Сосед Абиди, приглашенный на вечер, был солистом театра и недурно спел под аккомпанемент дутара. Гости ненадолго примолкли. Раздавалось только звяканье вилок и ножей.
Гости засиделись допоздна. По их просьбе Жанна трижды исполняла индийские танцы под музыку, записанную на магнитофон. Она была гибка и грациозна. Ее руки изгибались, будто пена на гребнях морских волн.
На Жанне были голубые шаровары из тонкого шелка, короткая блузка и переброшенное через плечо сари. Между подвижных, словно крылья ласточки, бровей посеребренная родинка.
Несведущий не смог бы догадаться, что перед ним выступает не настоящая индианка… Присутствующие любовались ею, перестав даже звякать вилками. Особенно Сунбулхон-ая. Она гордилась своей очаровательной дочкой.
Уже около полуночи гости стали разъезжаться. А тех, кто прибыл не на своей машине, развез по домам Инагамджан. Когда двор опустел, Сунбулхон-ая пригласила пожилую женщину. Рихси-апа, которая была какой-то их дальней родственницей, и велела приготовить постель для Умида и Инагамджана, заметив как бы между прочим, что подвыпивших молодых людей нельзя отпускать среди ночи…
Умид ворочался с боку на бок и никак не мог уснуть.
Сегодня он был принят в доме своего уважаемого руководителя, сидел за одним столом, в одной компании с известными учеными, еще со студенческой скамьи почитаемыми им людьми. Они даже поаплодировали, когда домулла, захмелев, произнес тост и упомянул об Умиде как о лучшем своем ученике, самом способном и трудолюбивом…
Ему приснилась Хафиза. Они плыли по озеру в ветхой лодчонке, в которую быстро натекала вода. Хафиза вычерпывала ее ладонями и с тревогой приговаривала: «Я же не умею плавать… Я совсем не умею плавать…» А Умид умел плавать, он был спокоен. Говорил ей: «Меня с первого же дня распознал профессор! Потому он и профессор, что разбирается в людях! При его посредничестве я постепенно вхожу в среду ученых. Если бы ты видела, с какими почестями меня принимали в его доме! Почему ты опустила голову и плачешь? Ты не рада этому?.. Хафиза!»

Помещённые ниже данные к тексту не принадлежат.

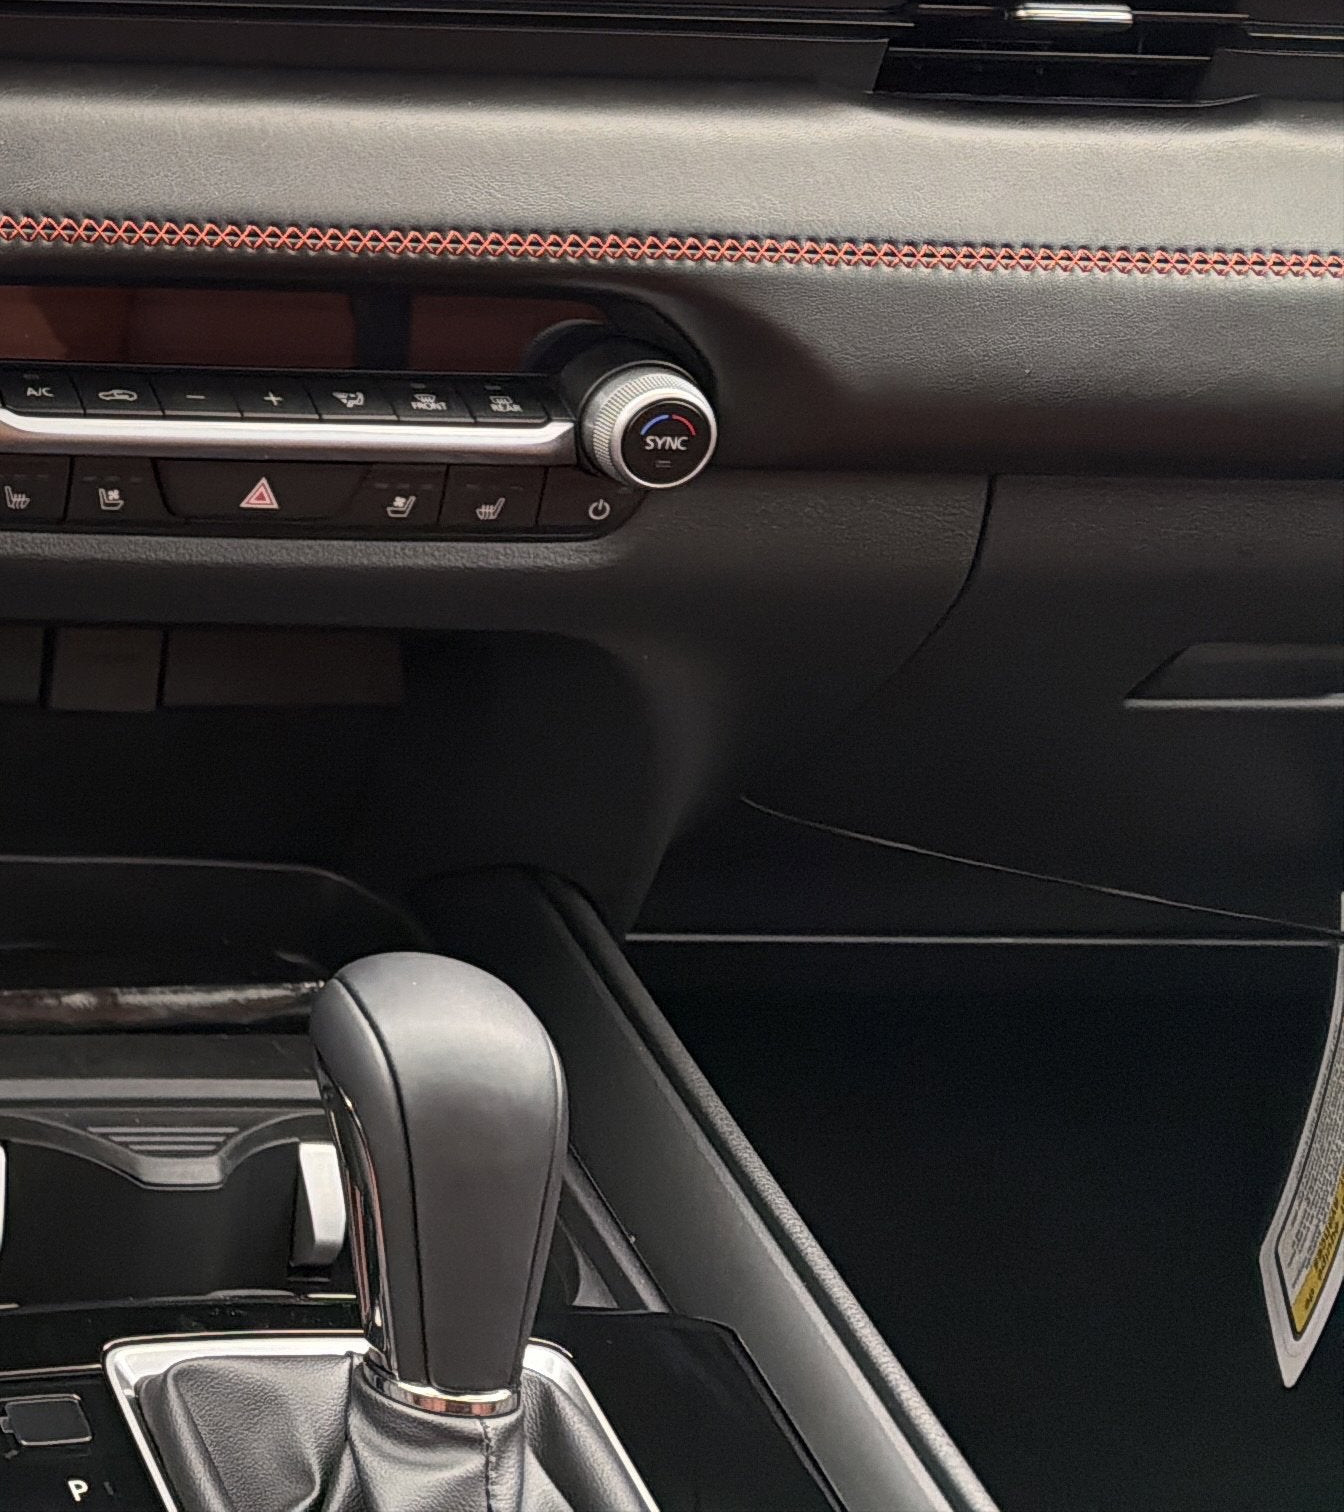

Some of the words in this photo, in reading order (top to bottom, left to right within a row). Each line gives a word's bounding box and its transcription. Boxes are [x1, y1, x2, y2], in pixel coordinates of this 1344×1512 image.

Когда он проснулся, за окном уже светало. Больше не уснул.
Часов в девять шумно отворилась дверь, и в комнату без стука вошла Жанна. Она была в голубой полосатой пижаме.
— Ну-ка, господа, подъем! — крикнула она. — Ступайте умываться! А я вам сейчас принесу маставы [16] Мастава — рисовый суп, приправленный перцем.
с кислым молоком. Ванная прямо по коридору и направо. А стол сию минуту освободите от своего барахла, а то некуда ставить вам завтрак. Ну-ка, вставайте! Или я сейчас сброшу с вас одеяла!
Как только Жанна скрылась за дверью, Умид и Инагамджан быстренько оделись. Привели в порядок комнату и по очереди умылись. Вскоре появилась Жанна и принесла на подносе две касы с маставой. Сказав: «Сейчас…» — снова упорхнула. Спустя несколько минут вошла с большим подносом, из-за которого ее было не разглядеть. На столе появились стопка слоеных лепешек, тарелка с кусочками казы — колбасы из конины, каса с густыми сливками, ваза с фруктами и бутылка армянского коньяка с пятью звездочками.
— Отец просил извинения… Пожалуйста, вы без него позавтракайте, — сказала она и вышла из комнаты.
Глава тринадцатая
С СОМНЕНИЕМ НЕ ПРИСТУПАЙ К ДЕЛУ
Умид не видел Хафизу уже больше двух недель. В прошлую субботу он набрался смелости и позвонил вечером из автомата ей домой. Мальчишеский голос ответил, что его сестра уехала с подружками в горы, что они отправились туда всем курсом и выходной день проведут на Чимгане [17] Чимган — горы вблизи Ташкента.
.
— А кто ее спрашивает? — полюбопытствовал братец Хафизы.
Умид повесил трубку.
Его сердце билось, будто перепелка, попавшая в силок. «Всем курсом… И ребята, значит, с ними. В палатках будут ночевать… Да и какой интерес девчонкам ехать в горы без ребят, а ребятам без девчат? Вот почему она уже столько дней не звонила! Неужели вырос терновник между красной и белой розами?..»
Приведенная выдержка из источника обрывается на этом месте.